Some earlier systems placed three 10-bit channels in a 32-bit word, with 2 bits unused (or used as a 4-level alpha channel). The Cineon file format that was popular for motion pictures used this. Some SGI systems had 10 (or more) bit D/A converters for the video signal and could be set up to interpret data stored this way for display. BMP files define this as one of its formats, and it is called "HiColor" by Microsoft.

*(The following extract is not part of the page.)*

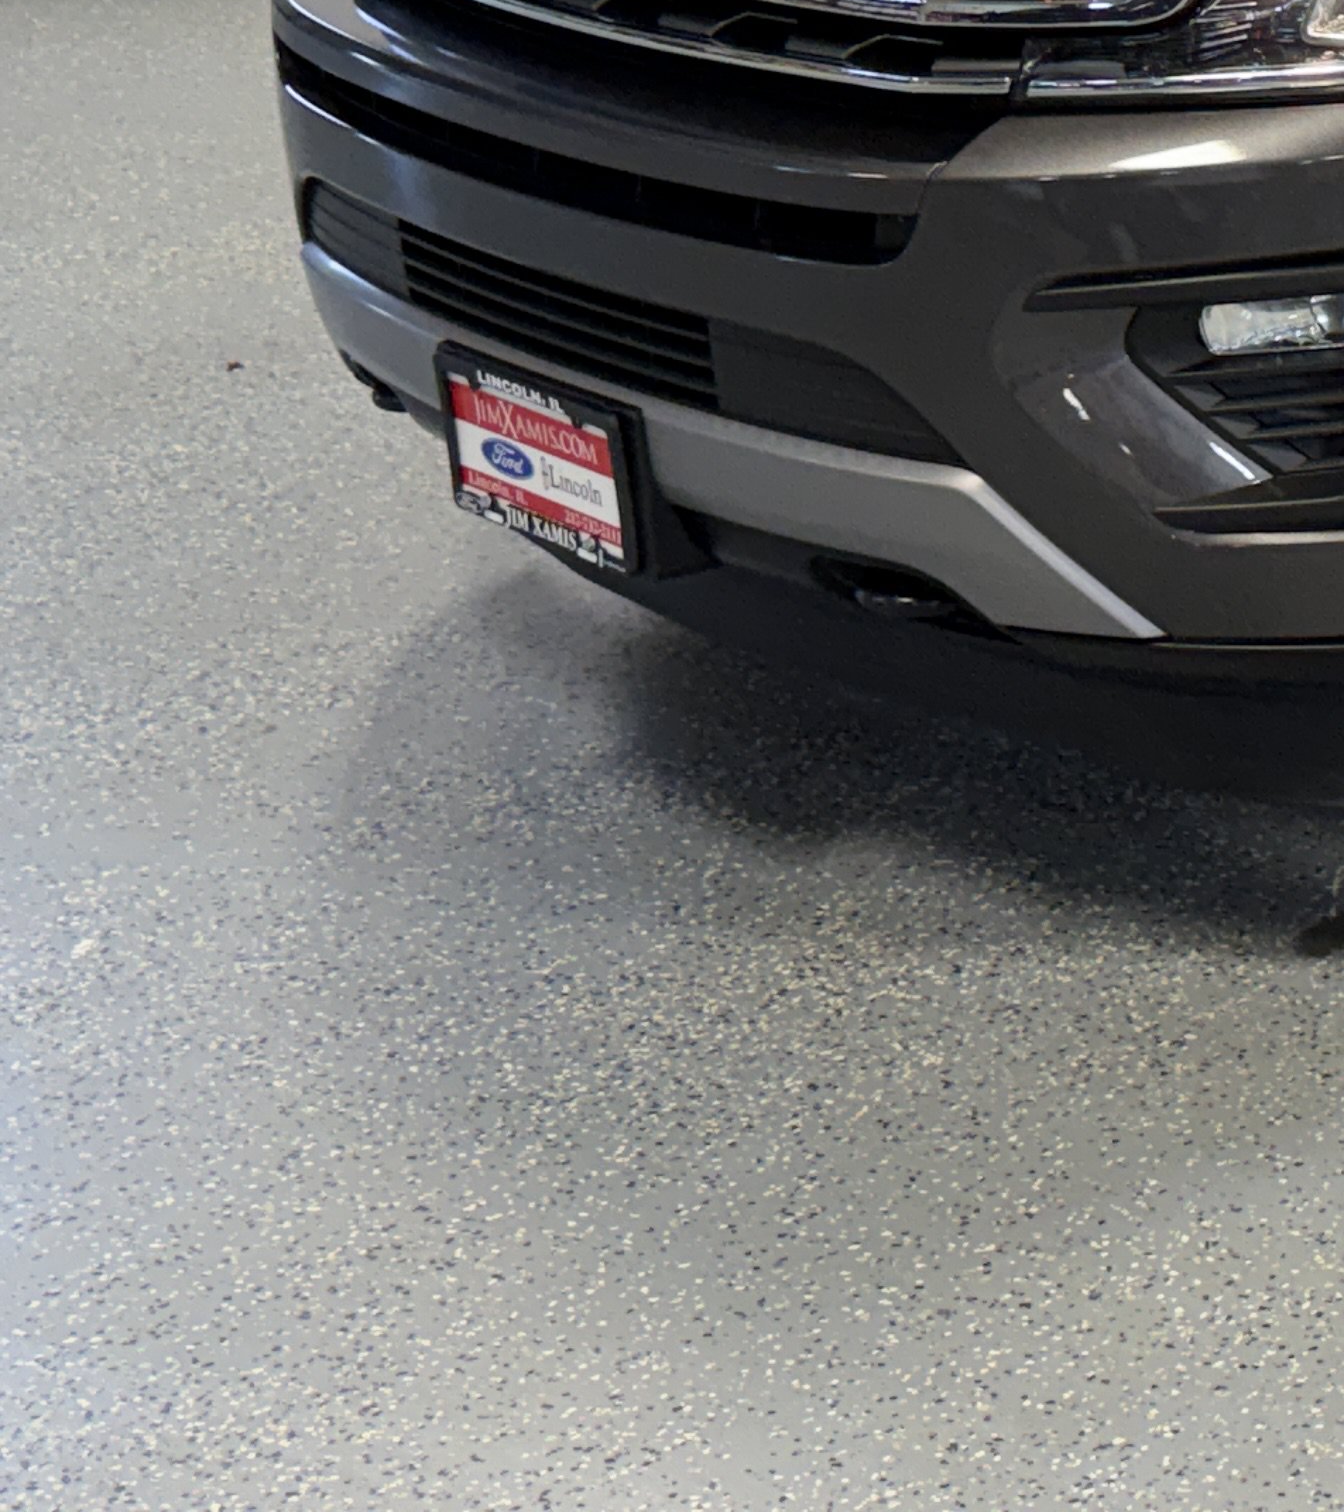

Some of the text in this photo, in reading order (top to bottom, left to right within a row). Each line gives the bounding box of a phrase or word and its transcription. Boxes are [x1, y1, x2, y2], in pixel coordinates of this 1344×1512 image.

Image editing software such as Photoshop started using 16 bits per channel fairly early. The primary reason this was done was to reduce the quantization on intermediate results (if an operation divided by 4 and then multiplied by 4, it would lose the bottom 2 bits of 8-bit data, but if 16 bits were used it would lose none of the 8-bit data). Digital cameras were able to produce 10 or 12 bits per channel in their raw data, and 16 bits is the smallest addressable unit that was larger than this and would allow raw data to be worked with. These systems did not take advantage of 16 bits for high dynamic range, and some assign almost mystical capabilities to 16 bits that are not actually true.

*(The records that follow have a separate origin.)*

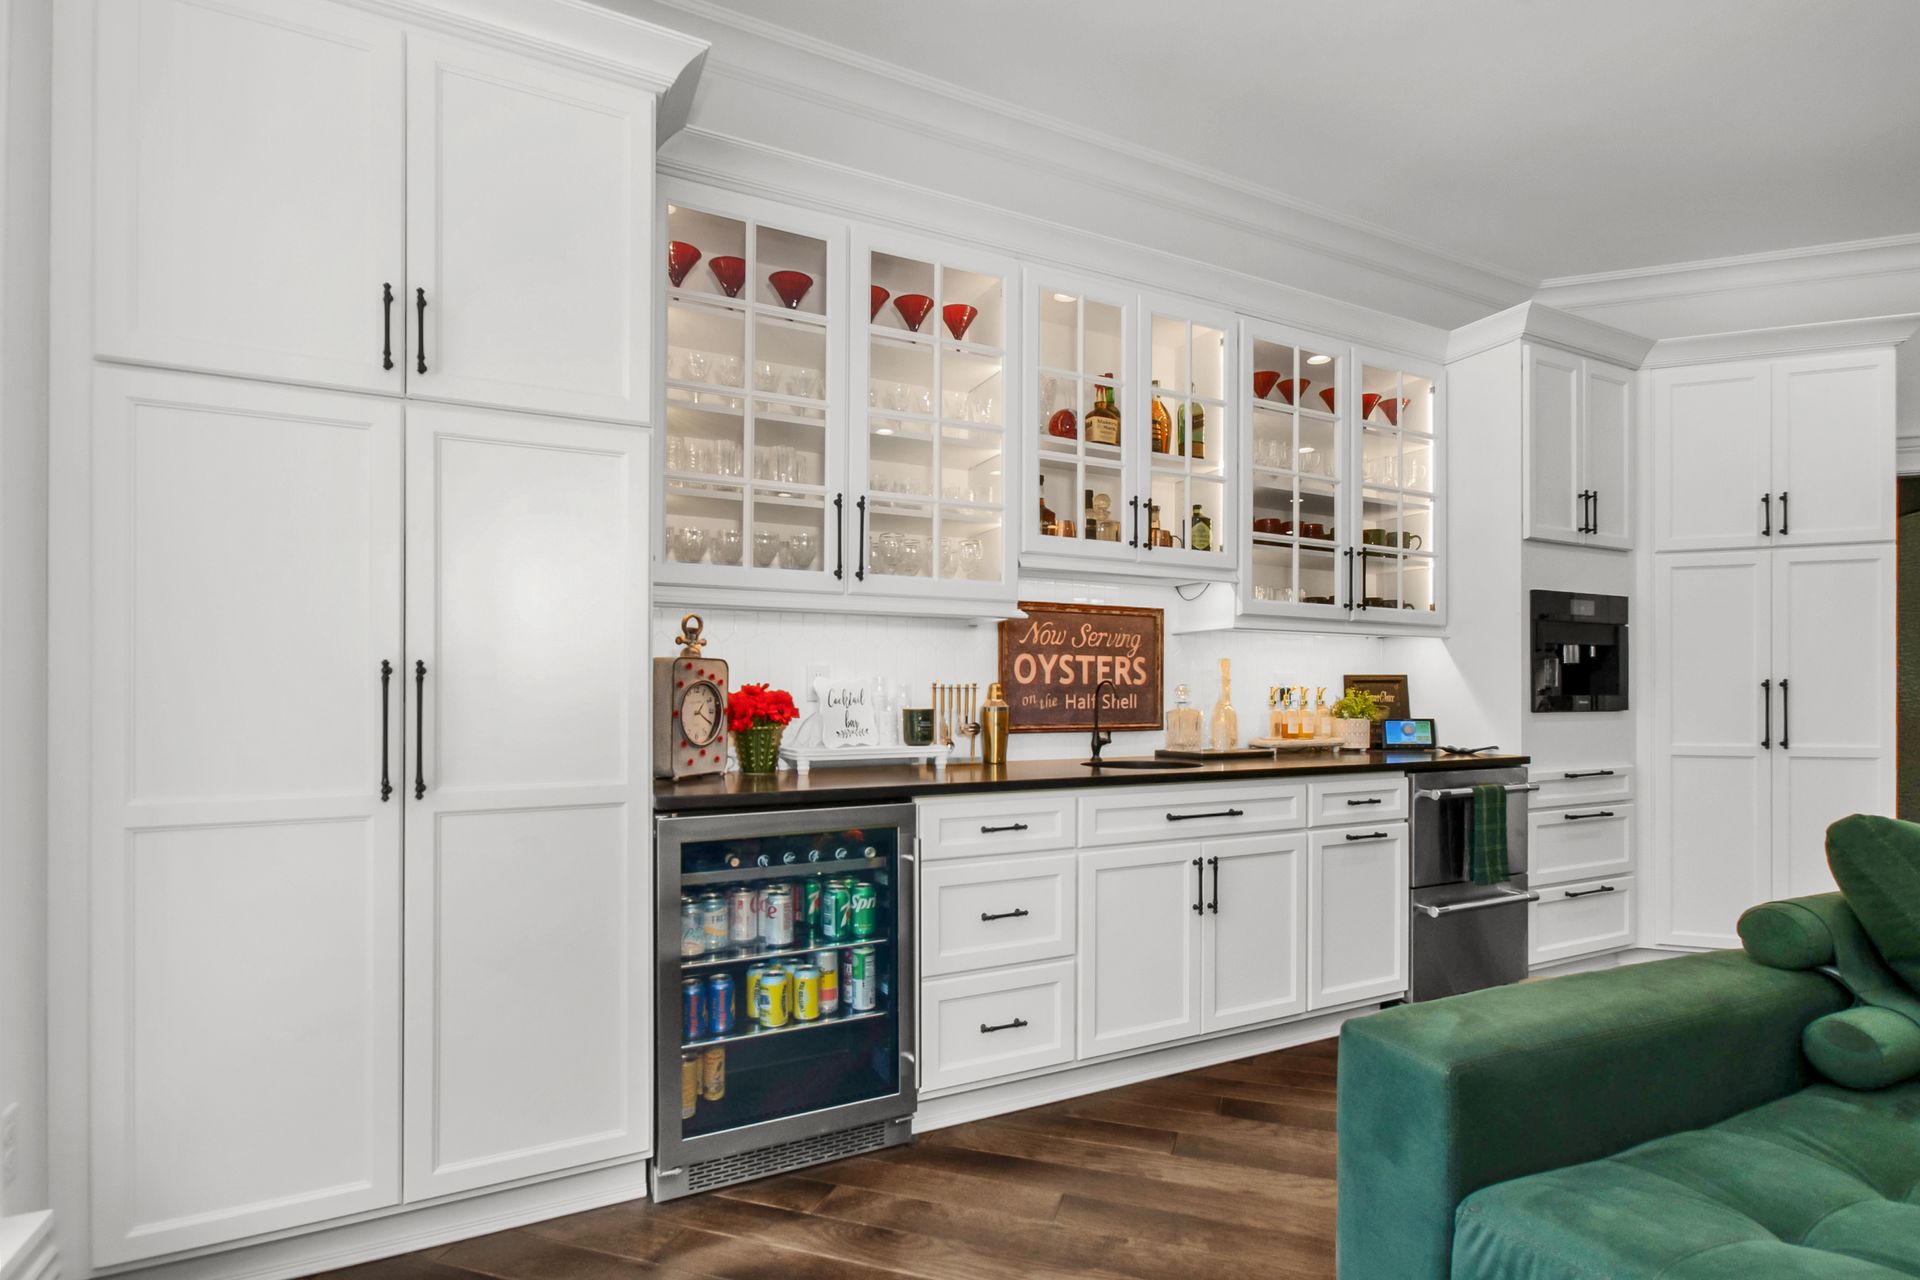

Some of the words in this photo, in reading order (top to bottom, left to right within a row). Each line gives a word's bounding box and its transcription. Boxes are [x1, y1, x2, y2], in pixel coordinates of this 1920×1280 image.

[1019, 621, 1067, 646] Now
[1071, 623, 1143, 658] Serving
[1013, 653, 1147, 685] OYSTERS
[1022, 694, 1037, 707] on
[1040, 692, 1059, 710] the
[1065, 693, 1096, 710] Half
[1102, 693, 1138, 710] Shell
[844, 709, 861, 729] bar
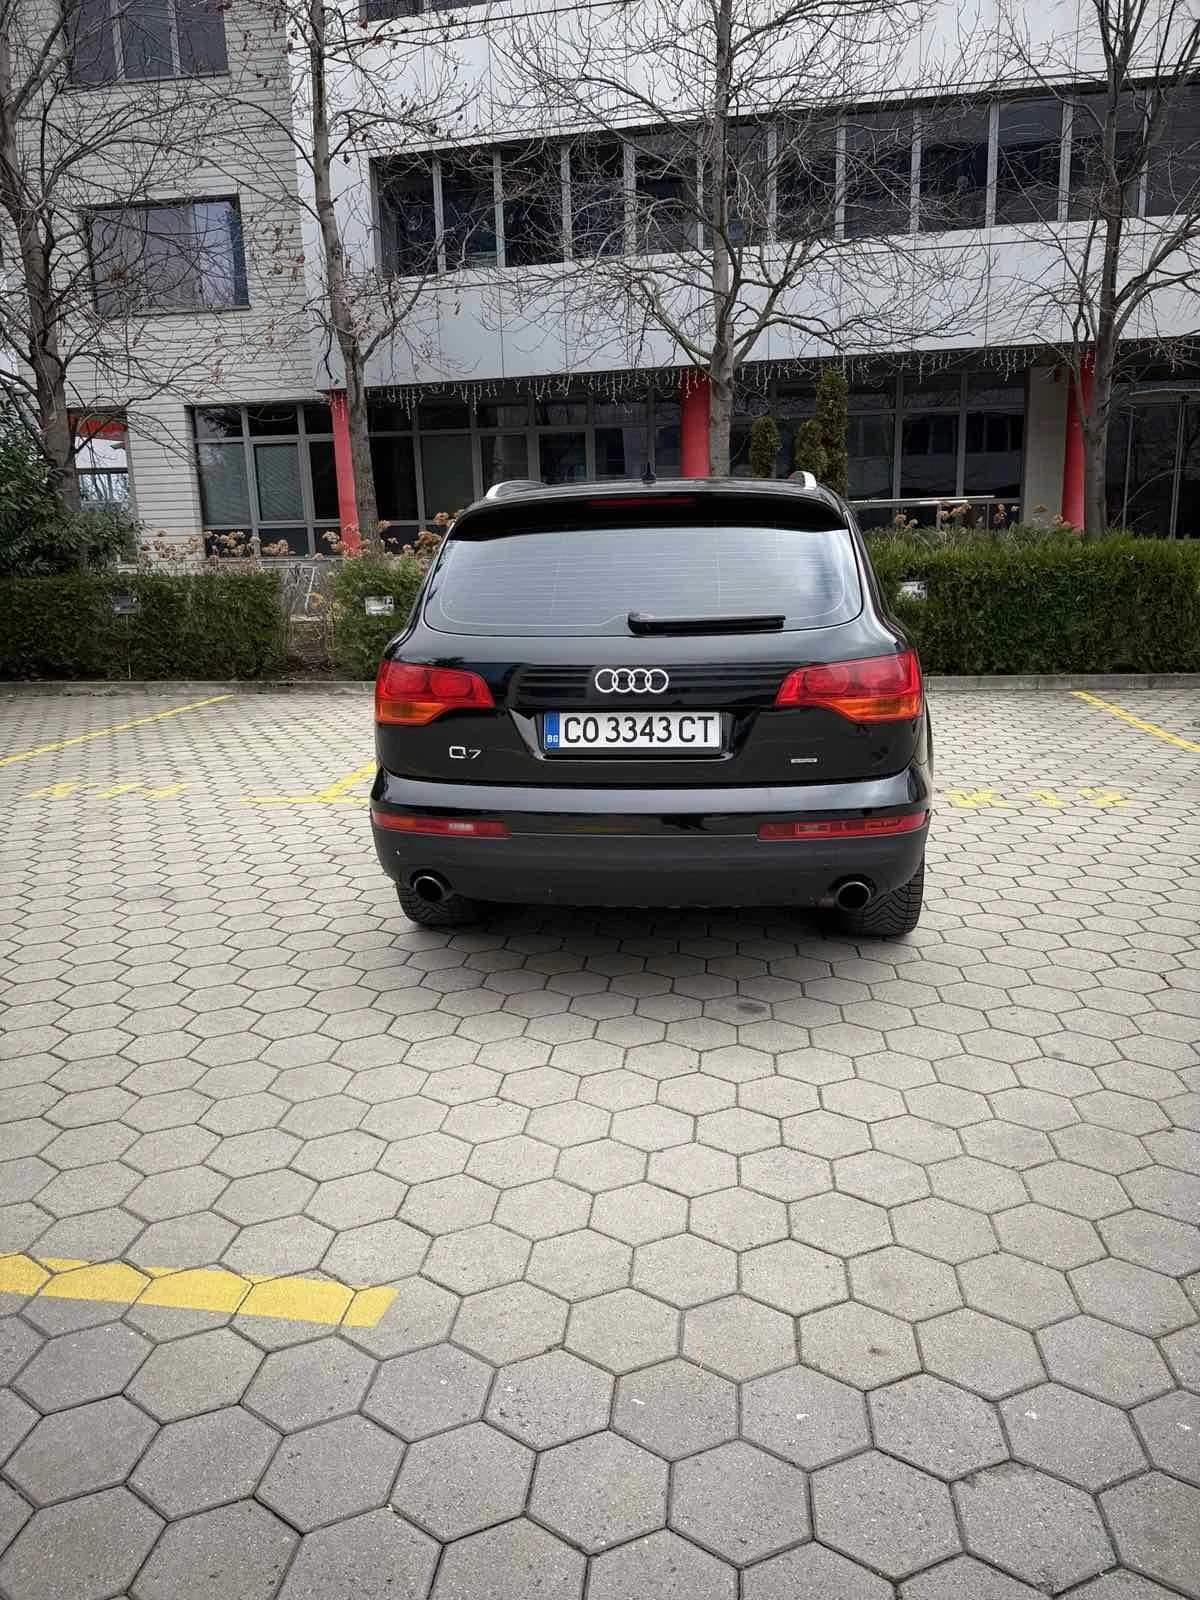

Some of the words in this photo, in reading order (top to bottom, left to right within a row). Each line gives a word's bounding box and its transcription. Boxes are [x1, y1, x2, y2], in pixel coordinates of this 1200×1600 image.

[564, 716, 599, 743] CO
[605, 716, 672, 743] 3343
[678, 716, 715, 743] CT
[546, 735, 559, 743] BG
[449, 746, 481, 759] Q7

Video cards with 10 bits per component started coming to market in the late 1990s. An early example was the Radius ThunderPower card for the Macintosh, which included extensions for QuickDraw and Adobe Photoshop plugins to support editing 30-bit images.[15]
The HDMI 1.3 specification defines bit depths of 30 bits (1.073 billion colors), 36 bits (68.71 billion colors), and 48 bits (281.5 trillion colors).[16] In that regard, the Nvidia Quadro graphics cards manufactured after 2006 support 30-bit deep color[17] and Pascal or later Geforce and Titan cards when paired with the Studio Driver[18] as do some models of the Radeon HD 5900 series such as the HD 5970.[19][20] The ATI FireGL V7350 graphics card supports 40-bit and 48-bit color.[21]
The DisplayPort specification also supports color depths greater than 24 bpp in version 1.3 through "VESA Display Stream Compression, which uses a visually lossless low-latency algorithm based on predictive DPCM and YCoCg-R color space and allows increased resolutions and color depths and reduced power consumption."[22]
At WinHEC 2008, Microsoft announced that color depths of 30 bits and 48 bits would be supported in Windows 7, along with the wide color gamut scRGB.[23][24]
High Efficiency Video Coding (HEVC or H.265) defines the Main 10 profile, which allows for 8- or 10-bits per sample with 4:2:0 chroma subsampling.[2][3][4][25][26] The Main 10 profile was added at the October 2012 HEVC meeting based on proposal JCTVC-K0109 which proposed that a 10-bit profile be added to HEVC for consumer applications.[4] The proposal stated that this was to allow for improved video quality and to support the Rec. 2020 color space that will be used by UHDTV.[4] The second version of HEVC has five profiles that allow for a bit depth of 8-bits to 16-bits per sample.[27]